FORT DRUM, N.Y. — President Donald Trump on Monday signed a $716 billion defense policy bill named for John McCain but included no mention in his remarks of the Republican senator, who is battling brain cancer at home in Arizona.
Trump and McCain are engaged in a long-running feud that dates to Trump’s 2016 presidential run. At campaign rallies, Trump regularly castigates McCain — without using his name — for casting a dramatic thumbs-down vote that doomed Trump’s effort last year to repeal the Affordable Care Act, which was enacted by President Barack Obama.
Trump said there was “no better place than right here at Fort Drum” to celebrate passage of the defense bill, which will boost military pay by 2.6 percent, giving service members their largest increase in nine years.
The bill — formally the John S. McCain National Defense Authorization Act but referred to by Trump as simply the National Defense Authorization Act — will introduce thousands of new recruits to active duty, reserve and National Guard units and replace aging tanks, planes, ships and helicopters with more advanced and lethal technology, Trump said.

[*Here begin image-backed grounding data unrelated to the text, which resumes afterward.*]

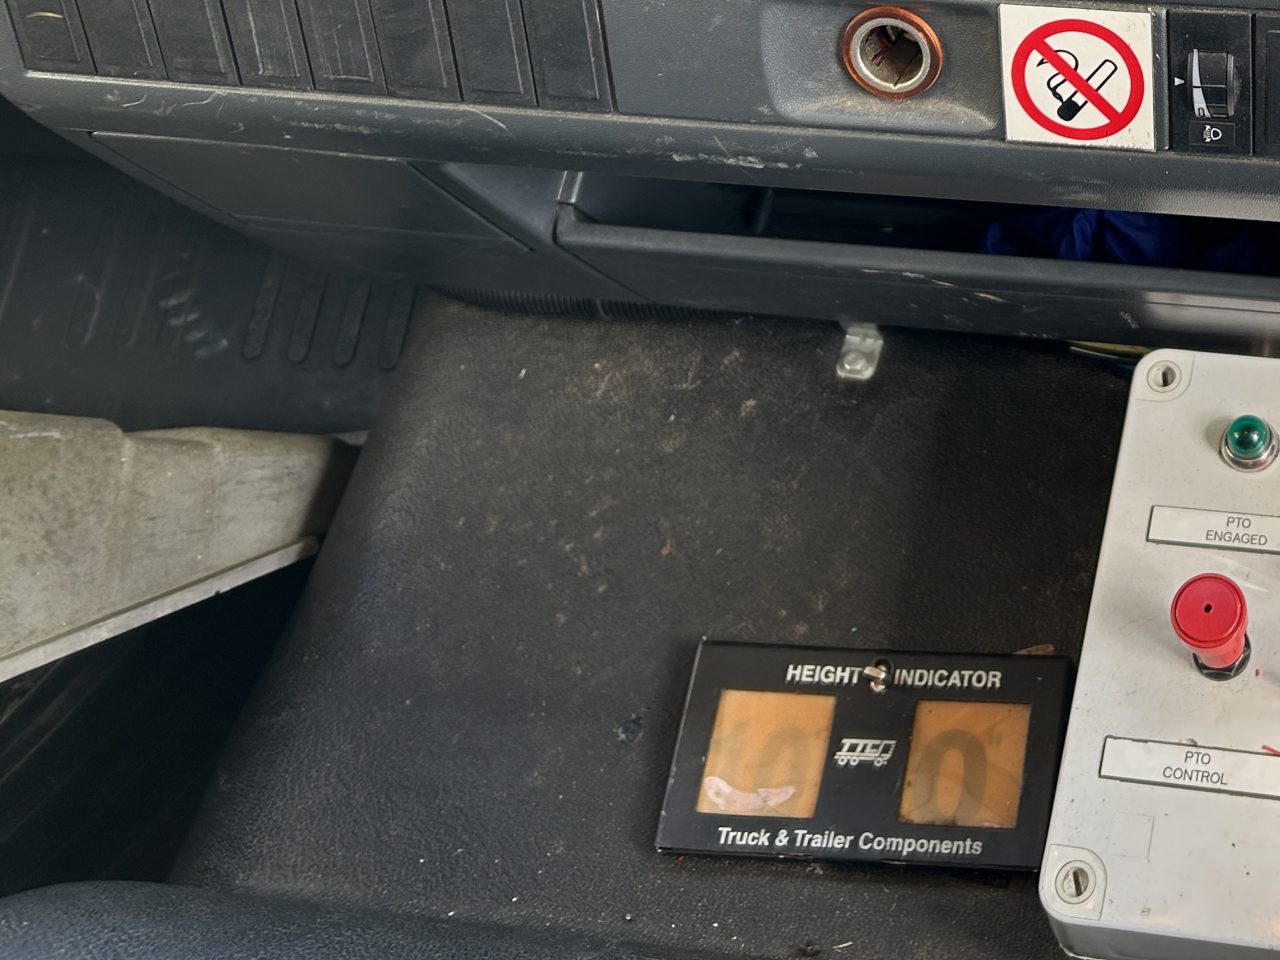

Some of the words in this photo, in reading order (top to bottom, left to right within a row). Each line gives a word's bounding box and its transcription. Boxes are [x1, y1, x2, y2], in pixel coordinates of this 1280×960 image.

[1226, 516, 1252, 529] PTO
[1205, 529, 1268, 546] ENGAGED
[786, 664, 863, 684] HEIGHT
[894, 668, 1002, 688] INDICATOR
[1184, 750, 1212, 765] PTO
[1162, 766, 1228, 786] CONTROL
[717, 826, 771, 846] Truck
[775, 829, 789, 847] &
[792, 829, 853, 849] Trailer
[858, 832, 983, 856] Components

“Hopefully, we’ll be so strong we’ll never have to use it. But if we ever did, nobody has a chance,” he said.
Later Monday, Trump referenced McCain — again without naming him — while talking about Obama’s health law at a fundraiser in Utica for Republican Rep. Claudia Tenney.
“I would’ve gotten rid of everything, but as you know, one of our wonderful senators had thumbs down at 2 o’clock in the morning,” Trump said, pantomiming the gesture.
The bill authorizes billions of dollars for military construction, including family housing.
Military parade OK’d
Besides setting policy and spending levels, the bill weakens a bid to clamp down on Chinese telecom company ZTE. It allows Trump to waive sanctions against countries that bought Russian weapons and now want to buy U.S. military equipment. The bill provides no money for Trump’s requested Space Force but authorizes the military parade he wants in Washington in November.
The compromise bill removes a provision reinstating penalties against ZTE and restricting the company’s ability to buy U.S. component parts. ZTE was almost forced out of business after being accused of selling sensitive information to nations hostile to the U.S., namely Iran and North Korea, in violation of trade laws.
The measure also includes provisions designed to improve how the Defense Department handles reports of child-on-child sexual assaults among the tens of thousands of children and teens who live and go to school on the military bases where their parents serve. An Associated Press investigation this spring documented broad failures of justice when military kids report incidents.
Among the changes, the bill creates new legal protections for students at Department of Defense Education Activity schools and requires the school system and the Pentagon to develop new policies for responding to reports on bases more generally. Schools and the armed services also must start tracking incidents — AP identified nearly 700 over 10 years, but that was a certain undercount.
The annual measure sets policies and a budget outline for the Pentagon and will be followed by a later appropriations bill.